[Stored items from a collection]
□ □ □

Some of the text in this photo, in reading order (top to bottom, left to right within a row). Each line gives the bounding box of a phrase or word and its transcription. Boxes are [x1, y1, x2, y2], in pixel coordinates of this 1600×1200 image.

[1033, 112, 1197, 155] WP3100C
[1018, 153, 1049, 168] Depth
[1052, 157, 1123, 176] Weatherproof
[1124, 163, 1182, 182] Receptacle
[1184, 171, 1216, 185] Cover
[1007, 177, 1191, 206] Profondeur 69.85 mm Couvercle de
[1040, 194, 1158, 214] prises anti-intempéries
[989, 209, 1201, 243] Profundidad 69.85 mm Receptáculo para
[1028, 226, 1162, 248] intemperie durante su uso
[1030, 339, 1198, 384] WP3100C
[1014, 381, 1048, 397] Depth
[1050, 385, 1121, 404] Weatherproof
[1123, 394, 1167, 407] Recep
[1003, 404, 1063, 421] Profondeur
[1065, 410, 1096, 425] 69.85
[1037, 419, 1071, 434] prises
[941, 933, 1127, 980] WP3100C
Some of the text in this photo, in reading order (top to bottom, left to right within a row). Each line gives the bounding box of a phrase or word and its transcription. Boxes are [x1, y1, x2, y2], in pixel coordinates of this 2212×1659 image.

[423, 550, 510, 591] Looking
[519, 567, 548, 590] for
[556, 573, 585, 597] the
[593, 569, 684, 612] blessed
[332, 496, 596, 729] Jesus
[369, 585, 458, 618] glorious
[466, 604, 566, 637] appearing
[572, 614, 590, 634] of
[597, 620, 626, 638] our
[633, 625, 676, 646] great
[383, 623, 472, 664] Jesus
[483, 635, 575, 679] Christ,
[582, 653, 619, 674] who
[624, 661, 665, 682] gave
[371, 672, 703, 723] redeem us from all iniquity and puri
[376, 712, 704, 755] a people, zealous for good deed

□ □ □

(Work order)
An exact transcription of all the records is required.

(Completed exercise)
Some of the text in this photo, in reading order (top to bottom, left to right within a row). Each line gives the bounding box of a phrase or word and its transcription. Boxes are [x1, y1, x2, y2], in pixel coordinates of this 1600×1200 image.

[1033, 112, 1197, 155] WP3100C
[1018, 153, 1049, 168] Depth
[1052, 157, 1123, 176] Weatherproof
[1124, 163, 1182, 182] Receptacle
[1184, 171, 1216, 185] Cover
[1007, 177, 1191, 206] Profondeur 69.85 mm Couvercle de
[1040, 194, 1158, 214] prises anti-intempéries
[989, 209, 1201, 243] Profundidad 69.85 mm Receptáculo para
[1028, 226, 1162, 248] intemperie durante su uso
[1030, 339, 1198, 384] WP3100C
[1014, 381, 1048, 397] Depth
[1050, 385, 1121, 404] Weatherproof
[1123, 394, 1167, 407] Recep
[1003, 404, 1063, 421] Profondeur
[1065, 410, 1096, 425] 69.85
[1037, 419, 1071, 434] prises
[941, 933, 1127, 980] WP3100C
Some of the text in this photo, in reading order (top to bottom, left to right within a row). Each line gives the bounding box of a phrase or word and its transcription. Boxes are [x1, y1, x2, y2], in pixel coordinates of this 2212×1659 image.

[423, 550, 510, 591] Looking
[519, 567, 548, 590] for
[556, 573, 585, 597] the
[593, 569, 684, 612] blessed
[332, 496, 596, 729] Jesus
[369, 585, 458, 618] glorious
[466, 604, 566, 637] appearing
[572, 614, 590, 634] of
[597, 620, 626, 638] our
[633, 625, 676, 646] great
[383, 623, 472, 664] Jesus
[483, 635, 575, 679] Christ,
[582, 653, 619, 674] who
[624, 661, 665, 682] gave
[371, 672, 703, 723] redeem us from all iniquity and puri
[376, 712, 704, 755] a people, zealous for good deed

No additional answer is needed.